Ultrafast laser architectures for quantum control of nuclear fusion

TL;DR

This paper explores innovative ultrafast laser architectures designed to control nuclear fusion at the quantum level, aiming to enhance tunneling and reactive capture, with potential implications for power generation.

Contribution

It introduces a new class of ultrafast laser architectures that solve the Schrödinger equation for quantum control of nuclear fusion, building on prior patents and theoretical frameworks.

Findings

Discovery of laser architectures that realize quantum solutions for fusion control

Conditions outlined for potential net electrical power production

Alignment with existing quantum control and fusion theories

Abstract

Quantum control of nuclear fusion involves engineering quantum coherences in a nuclear wavepacket to accelerate tunneling through the Coulomb barrier and modifying the analytic structure of the $\textit{S}$-matrix to facilitate long-range reactive capture.
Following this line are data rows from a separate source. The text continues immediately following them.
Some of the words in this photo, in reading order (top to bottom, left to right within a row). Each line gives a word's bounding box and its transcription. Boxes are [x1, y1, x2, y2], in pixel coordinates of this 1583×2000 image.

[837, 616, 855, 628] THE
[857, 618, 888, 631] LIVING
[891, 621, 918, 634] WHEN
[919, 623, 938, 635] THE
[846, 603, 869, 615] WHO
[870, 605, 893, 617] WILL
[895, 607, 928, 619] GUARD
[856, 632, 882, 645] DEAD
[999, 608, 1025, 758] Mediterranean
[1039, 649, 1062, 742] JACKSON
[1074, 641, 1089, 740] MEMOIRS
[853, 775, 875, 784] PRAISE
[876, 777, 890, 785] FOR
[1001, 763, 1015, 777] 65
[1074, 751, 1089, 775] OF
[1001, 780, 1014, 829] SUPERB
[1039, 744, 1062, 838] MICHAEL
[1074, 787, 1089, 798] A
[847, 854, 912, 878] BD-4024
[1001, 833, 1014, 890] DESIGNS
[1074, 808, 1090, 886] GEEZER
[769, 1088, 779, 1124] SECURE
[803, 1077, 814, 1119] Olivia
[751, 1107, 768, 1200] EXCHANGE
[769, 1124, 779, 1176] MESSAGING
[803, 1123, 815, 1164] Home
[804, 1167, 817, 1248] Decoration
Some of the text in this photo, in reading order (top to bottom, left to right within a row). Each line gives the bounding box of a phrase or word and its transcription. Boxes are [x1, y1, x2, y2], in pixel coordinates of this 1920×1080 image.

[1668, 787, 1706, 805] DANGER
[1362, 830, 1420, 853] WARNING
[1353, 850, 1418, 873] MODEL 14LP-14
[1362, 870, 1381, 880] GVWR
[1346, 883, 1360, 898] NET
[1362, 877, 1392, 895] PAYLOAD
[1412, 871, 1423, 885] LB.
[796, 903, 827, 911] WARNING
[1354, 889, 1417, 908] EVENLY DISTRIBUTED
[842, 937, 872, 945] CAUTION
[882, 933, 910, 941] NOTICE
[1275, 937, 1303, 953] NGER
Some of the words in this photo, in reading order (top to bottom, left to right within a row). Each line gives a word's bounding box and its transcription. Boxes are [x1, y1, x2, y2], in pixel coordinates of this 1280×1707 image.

We present a three-body fusion reaction which is amenable to quantum control. The main result of the present inquiry is the discovery of an embodied class of ultrafast laser architectures [Levitt $\textit{et al.}$, U.S. Patent Application No. 17/855,476 (2022)] which realize solutions to the Schr\"odinger equation in a logically consistent manner as to that presented in [Saha $\textit{et al.}$, Mol. Phys. $\textbf{110}$, 9-10 (2012)]. Further, we provide some necessary (but not necessarily sufficient) conditions for net electrical power production using the optical designs here.